When Jessica Benet Cooper surrendered two puppies to Louisville Metro Animal Services officials on December 16, 2024, she initially claimed that they were strays she had found, according to a criminal complaint filed against her. One of the puppies was so thin, cold, and otherwise unhealthy that it had to be euthanized, according to the complaint.
But subsequent investigation by LMAS determined that the two puppies were not strays. Indeed Cooper had showcased them and three others in photos and videos on Facebook, saying they were “so cute” and would soon be up for sale, the investigation found.
Cooper eventually confessed to owning them, according to the complaint. After she pleaded guilty in July 2025 to second-degree animal cruelty, the judge gave Cooper a two-year conditional discharge, which could result in the case being removed from her record if she abides by the law and any court-imposed conditions.
Hannah Mendez received a sentence of three years’ pretrial diversion after pleading guilty in Fayette County last year to animal torture. And on March 20, 2025, Thomas Bagwell, III, was sentenced to 30 days in jail and and five years of pretrial diversion after pleading guilty in Trimble County to one felony count of animal torture and 10 misdemeanor counts of animal cruelty.

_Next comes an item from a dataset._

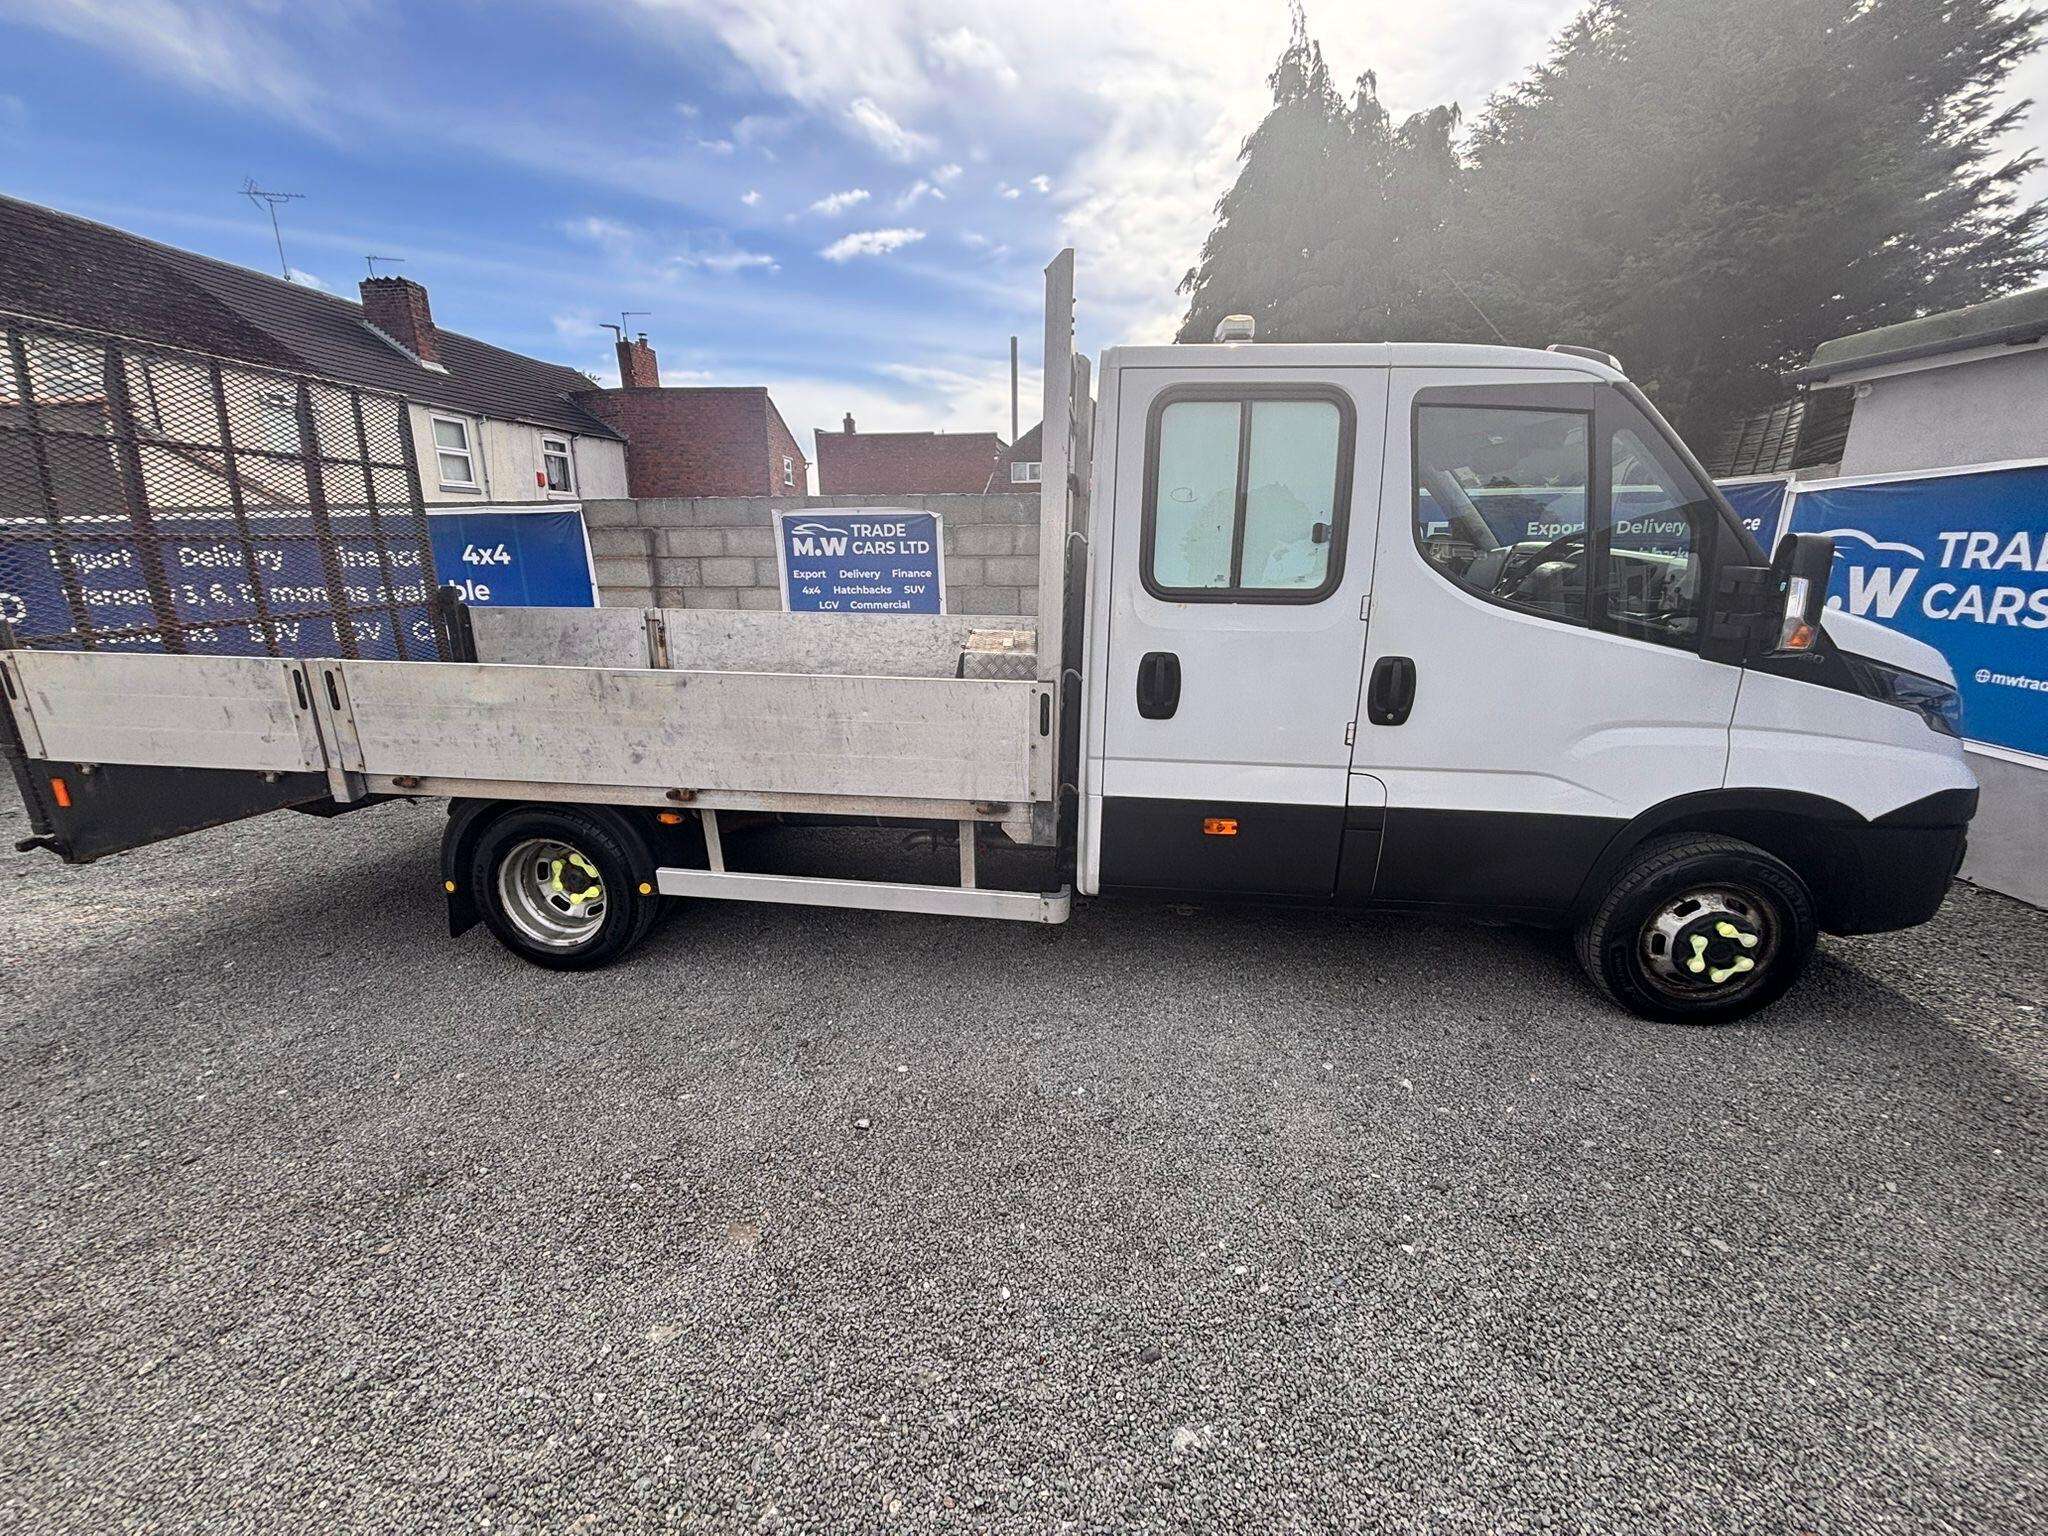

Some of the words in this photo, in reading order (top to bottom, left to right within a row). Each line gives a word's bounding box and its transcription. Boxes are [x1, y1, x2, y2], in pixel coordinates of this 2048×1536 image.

He had taped 11 puppies in a box and abandoned them on the side of a road in December 2024, according to news accounts.
While pretrial diversion typically allows the defendant to avoid a conviction, not everyone thinks it is an appropriate way to deal with animal abusers.
Joye Keeley, a retired Louisville Metro Police lieutenant and an animal-rights activist, said she is “absolutely opposed” to diversion in an animal abuse cases such as those involving Mendez and Bagwell, “involving cruelty and torture to any living creature.”
“I can see them not going to prison, but I don’t think diversion should ever happen,” Keeley said in a telephone interview. “That person can work in a day care, a school, a nursing home, any place where there are vulnerable populations. By diverting acts of cruelty, I don’t think that is protecting the public.”